After leaving Parliament in 1997, he came into a job right up his alley as head of the International Centre for Human Rights and Democratic Development, succeeding former NDP leader Ed Broadbent. During his five-year term he was active in the development of the international criminal court and the international declaration of rights of indigenous people. He pushed for legislation to try war criminals in Canada under which a first conviction was registered this month in the case of Rwandan butcher Désiré Munyaneza.

What lured Allmand out of retirement from electoral politics was the opportunity to help implement the city’s Charter of Rights on which he had been called in as a consultant.

Allmand says his political leanings and passion for human rights stem from his childhood, lived during the years of the Great Depression and the Second World War. His father, a railroad man with the CPR all his working life, was laid off twice during the depression. He was born in Mile End where he had extended family. His grandfather was a streetcar driver on the Park Ave. run, which greatly influenced his vote against the name change decades later. He has memories of classmates coming to school with no shoes and of hobos knocking on the door offering to do odd jobs for a meal.
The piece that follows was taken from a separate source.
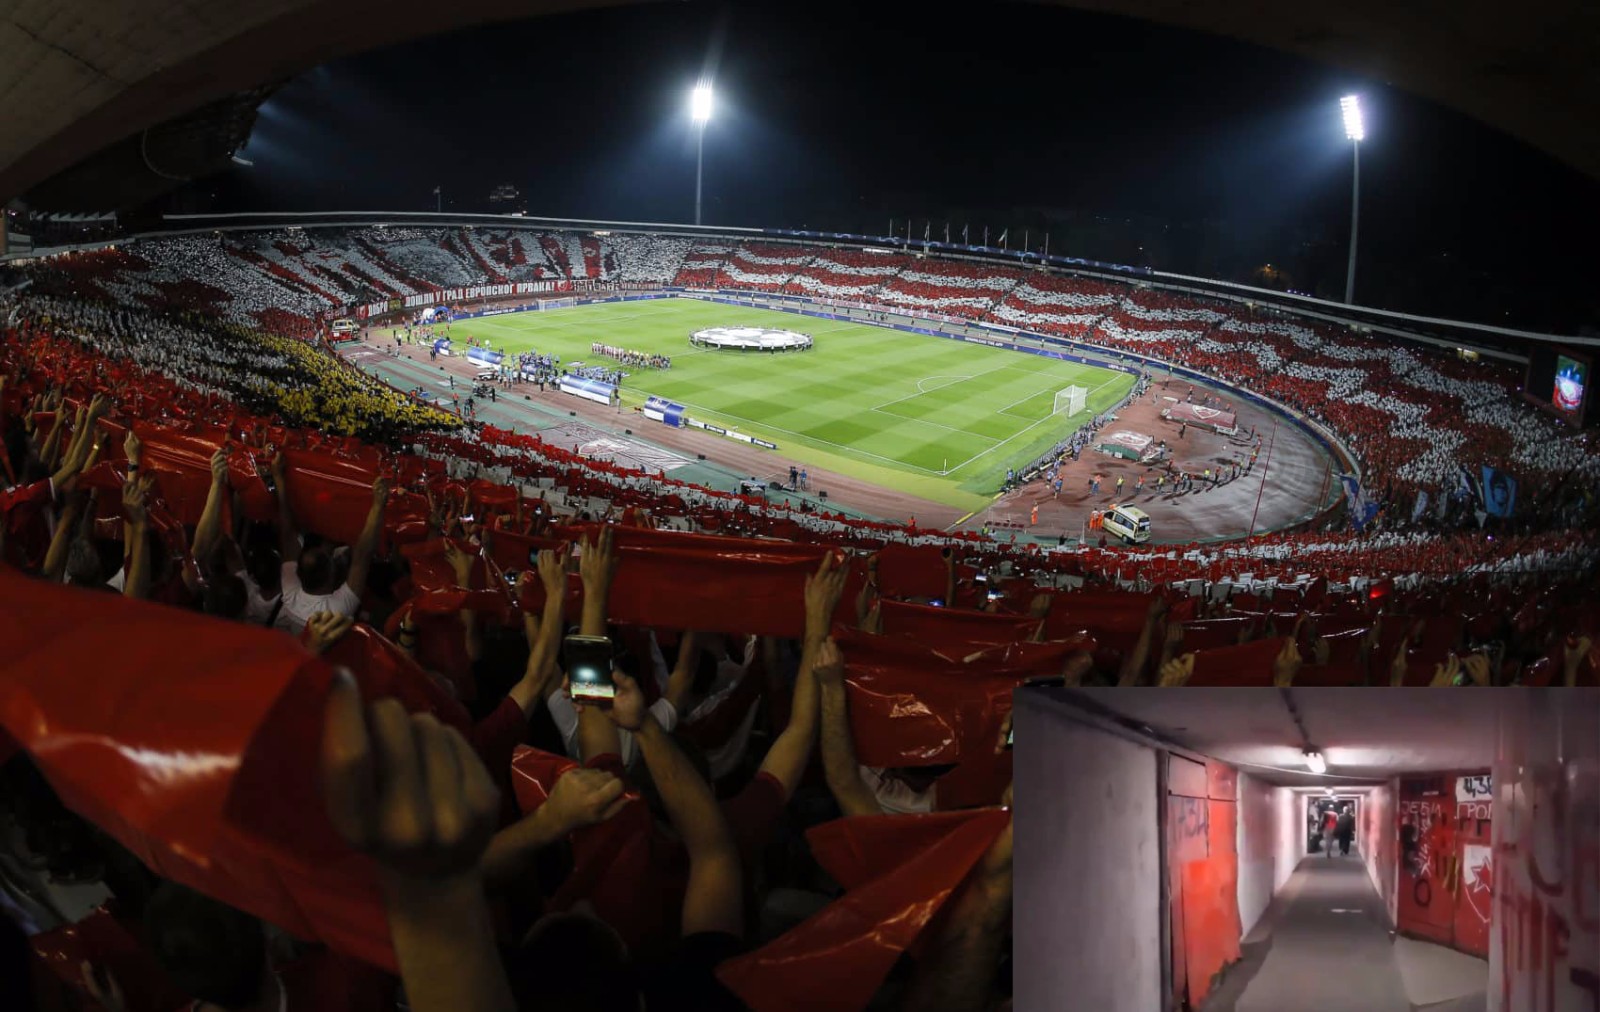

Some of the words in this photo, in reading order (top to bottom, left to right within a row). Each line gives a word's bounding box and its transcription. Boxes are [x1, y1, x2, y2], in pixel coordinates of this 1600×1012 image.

[435, 290, 440, 302] У
[442, 288, 463, 301] ГРАД
[466, 284, 514, 299] ЕВРОПСКОГ
[517, 281, 555, 293] ПРВАКА!
He followed the war in the papers and on radio. “I don’t know why, but it seemed to me that war was so stupid. Ordinary people on both sides who don’t know each other killing the hell out of each other. I became very pacifist early on. I became sensitive to conditions in which people had to live, to poor conditions. It became my reason for getting into politics.” He joined the Liberal Party because he disliked both Maurice Duplessis and John Diefenbaker, respectively Quebec premier and prime minister at the time. An early coup mounted with fellow young Liberals was getting a resolution through a party convention in 1960 to recognize Red China.
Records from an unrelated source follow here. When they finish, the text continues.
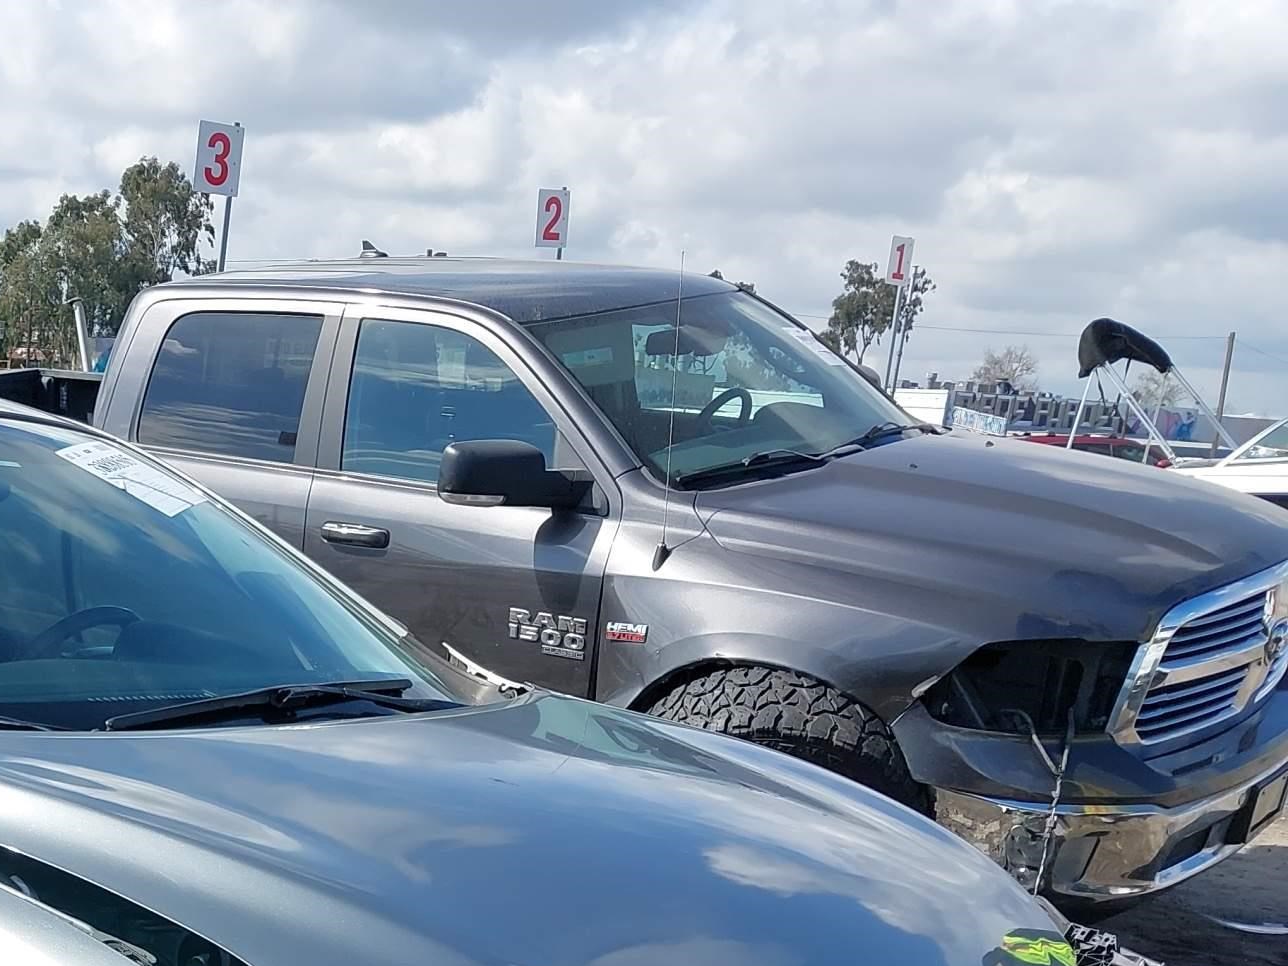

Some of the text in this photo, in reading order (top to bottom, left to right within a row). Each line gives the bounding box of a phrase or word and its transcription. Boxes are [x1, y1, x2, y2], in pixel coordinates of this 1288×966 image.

[204, 132, 231, 187] 3
[542, 196, 562, 241] 2
[892, 243, 905, 280] 1
[508, 607, 588, 635] RAM
[508, 623, 586, 651] 1500
[606, 621, 649, 635] HEMI
For all the frustration he’s encountered in his political life, Allmand said he’s seen the country dramatically improved in his time. “Sometimes you hear people saying, ‘Aw, what’s the use of getting involved in politics? You can’t get anything done. I can say that in my 40 years, a lot got done. I’ve got a long list somewhere, but just for example, when I started out there was no medicare, no Canada pension plan, to get a divorce you had to get a bill passed in the Senate, hanging was still on the books, you couldn’t buy contraceptives over the counter, gays faced criminal charges for consensual acts, I could go on and on. Sure there’s been backsliding now and then, but on the whole we’re pretty far ahead.”

His advice to anyone who doesn’t like the way things are is: “Get involved. If you think things aren’t running as they should, join a party – I don’t care which one – and push for what you want. Better to light a candle than curse the darkness, I’ve always said.”